- _Work to be completed_: Nothing but the text of the records belongs in your answer: repeat all of it exactly and leave out the images.

- _Material for this task_:
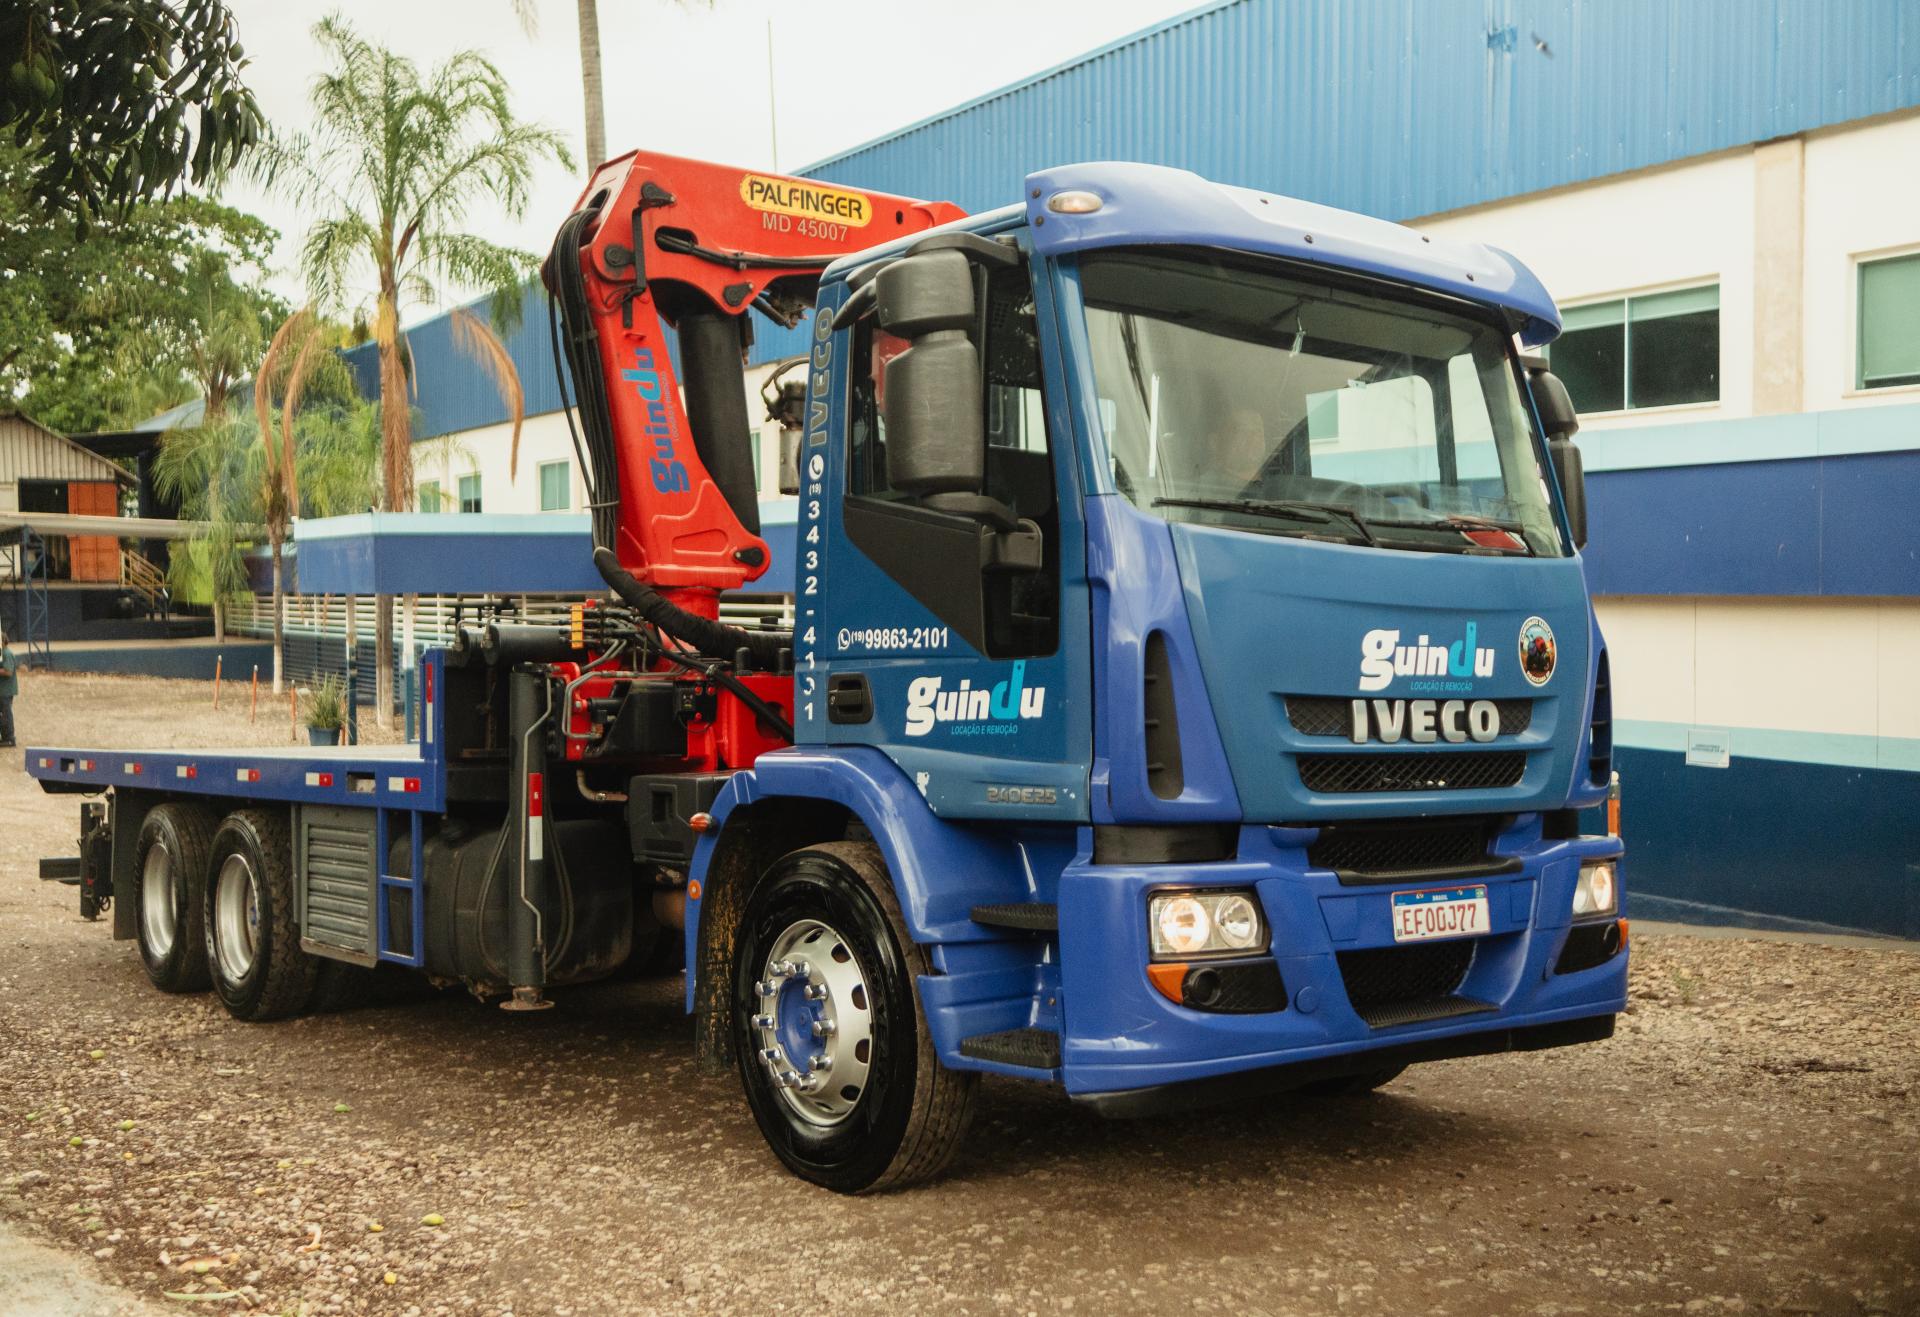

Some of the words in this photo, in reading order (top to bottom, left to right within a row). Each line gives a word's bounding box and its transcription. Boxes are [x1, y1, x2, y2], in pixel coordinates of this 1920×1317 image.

[749, 179, 863, 220] PALFINGER
[762, 211, 792, 233] MD
[796, 217, 848, 242] 45007
[809, 306, 835, 448] IVECO
[621, 347, 691, 494] guindu
[1358, 621, 1496, 692] guindu
[904, 659, 1046, 737] guindu
[951, 723, 981, 737] LOCAÇÃO
[981, 725, 986, 735] E
[986, 722, 1018, 736] REMOÇÃO
[1351, 699, 1500, 744] IVECO
[986, 787, 1057, 804] 240E25

- _Your response_:
Some of the words in this photo, in reading order (top to bottom, left to right within a row). Each line gives a word's bounding box and its transcription. Boxes are [x1, y1, x2, y2], in pixel coordinates of this 1920×1317 image.

[749, 179, 863, 220] PALFINGER
[762, 211, 792, 233] MD
[796, 217, 848, 242] 45007
[809, 306, 835, 448] IVECO
[621, 347, 691, 494] guindu
[1358, 621, 1496, 692] guindu
[904, 659, 1046, 737] guindu
[951, 723, 981, 737] LOCAÇÃO
[981, 725, 986, 735] E
[986, 722, 1018, 736] REMOÇÃO
[1351, 699, 1500, 744] IVECO
[986, 787, 1057, 804] 240E25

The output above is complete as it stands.